::: Extracted data :::
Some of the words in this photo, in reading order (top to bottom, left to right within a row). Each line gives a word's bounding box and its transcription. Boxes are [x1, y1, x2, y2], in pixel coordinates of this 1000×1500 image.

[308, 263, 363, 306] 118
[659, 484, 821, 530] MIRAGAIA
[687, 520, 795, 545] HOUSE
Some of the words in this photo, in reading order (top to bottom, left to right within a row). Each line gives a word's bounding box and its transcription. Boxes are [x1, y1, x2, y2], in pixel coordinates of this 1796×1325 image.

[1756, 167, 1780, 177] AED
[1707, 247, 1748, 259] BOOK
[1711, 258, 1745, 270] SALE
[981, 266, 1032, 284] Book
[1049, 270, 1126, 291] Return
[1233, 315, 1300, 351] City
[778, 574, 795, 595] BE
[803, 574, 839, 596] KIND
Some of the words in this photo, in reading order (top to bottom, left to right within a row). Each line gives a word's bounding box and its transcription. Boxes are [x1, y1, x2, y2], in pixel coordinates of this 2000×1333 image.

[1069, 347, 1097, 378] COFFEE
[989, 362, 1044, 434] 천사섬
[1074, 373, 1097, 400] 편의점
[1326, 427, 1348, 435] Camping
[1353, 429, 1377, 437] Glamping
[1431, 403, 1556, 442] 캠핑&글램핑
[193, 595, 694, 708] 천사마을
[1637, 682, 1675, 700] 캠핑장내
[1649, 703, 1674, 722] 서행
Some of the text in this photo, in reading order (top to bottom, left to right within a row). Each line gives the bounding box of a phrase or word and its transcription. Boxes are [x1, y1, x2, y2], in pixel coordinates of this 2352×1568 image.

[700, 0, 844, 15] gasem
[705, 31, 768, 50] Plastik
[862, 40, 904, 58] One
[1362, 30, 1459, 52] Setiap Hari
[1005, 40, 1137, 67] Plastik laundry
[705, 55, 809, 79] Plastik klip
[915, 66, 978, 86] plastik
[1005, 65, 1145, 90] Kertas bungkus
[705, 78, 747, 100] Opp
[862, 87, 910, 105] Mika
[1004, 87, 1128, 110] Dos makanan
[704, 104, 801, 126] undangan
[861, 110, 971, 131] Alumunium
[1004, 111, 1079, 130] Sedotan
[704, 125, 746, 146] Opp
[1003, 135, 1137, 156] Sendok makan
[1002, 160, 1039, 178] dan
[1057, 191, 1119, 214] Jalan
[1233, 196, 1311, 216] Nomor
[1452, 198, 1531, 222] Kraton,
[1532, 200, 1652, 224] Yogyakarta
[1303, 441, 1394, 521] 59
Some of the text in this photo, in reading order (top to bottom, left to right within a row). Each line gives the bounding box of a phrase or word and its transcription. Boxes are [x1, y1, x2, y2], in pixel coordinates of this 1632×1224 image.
:::
*Work required:* The answer should be an exact copy of the data.

*Response box:*
Some of the words in this photo, in reading order (top to bottom, left to right within a row). Each line gives a word's bounding box and its transcription. Boxes are [x1, y1, x2, y2], in pixel coordinates of this 1000×1500 image.

[308, 263, 363, 306] 118
[659, 484, 821, 530] MIRAGAIA
[687, 520, 795, 545] HOUSE
Some of the words in this photo, in reading order (top to bottom, left to right within a row). Each line gives a word's bounding box and its transcription. Boxes are [x1, y1, x2, y2], in pixel coordinates of this 1796×1325 image.

[1756, 167, 1780, 177] AED
[1707, 247, 1748, 259] BOOK
[1711, 258, 1745, 270] SALE
[981, 266, 1032, 284] Book
[1049, 270, 1126, 291] Return
[1233, 315, 1300, 351] City
[778, 574, 795, 595] BE
[803, 574, 839, 596] KIND
Some of the words in this photo, in reading order (top to bottom, left to right within a row). Each line gives a word's bounding box and its transcription. Boxes are [x1, y1, x2, y2], in pixel coordinates of this 2000×1333 image.

[1069, 347, 1097, 378] COFFEE
[989, 362, 1044, 434] 천사섬
[1074, 373, 1097, 400] 편의점
[1326, 427, 1348, 435] Camping
[1353, 429, 1377, 437] Glamping
[1431, 403, 1556, 442] 캠핑&글램핑
[193, 595, 694, 708] 천사마을
[1637, 682, 1675, 700] 캠핑장내
[1649, 703, 1674, 722] 서행
Some of the text in this photo, in reading order (top to bottom, left to right within a row). Each line gives the bounding box of a phrase or word and its transcription. Boxes are [x1, y1, x2, y2], in pixel coordinates of this 2352×1568 image.

[700, 0, 844, 15] gasem
[705, 31, 768, 50] Plastik
[862, 40, 904, 58] One
[1362, 30, 1459, 52] Setiap Hari
[1005, 40, 1137, 67] Plastik laundry
[705, 55, 809, 79] Plastik klip
[915, 66, 978, 86] plastik
[1005, 65, 1145, 90] Kertas bungkus
[705, 78, 747, 100] Opp
[862, 87, 910, 105] Mika
[1004, 87, 1128, 110] Dos makanan
[704, 104, 801, 126] undangan
[861, 110, 971, 131] Alumunium
[1004, 111, 1079, 130] Sedotan
[704, 125, 746, 146] Opp
[1003, 135, 1137, 156] Sendok makan
[1002, 160, 1039, 178] dan
[1057, 191, 1119, 214] Jalan
[1233, 196, 1311, 216] Nomor
[1452, 198, 1531, 222] Kraton,
[1532, 200, 1652, 224] Yogyakarta
[1303, 441, 1394, 521] 59
Some of the text in this photo, in reading order (top to bottom, left to right within a row). Each line gives the bounding box of a phrase or word and its transcription. Boxes are [x1, y1, x2, y2], in pixel coordinates of this 1632×1224 image.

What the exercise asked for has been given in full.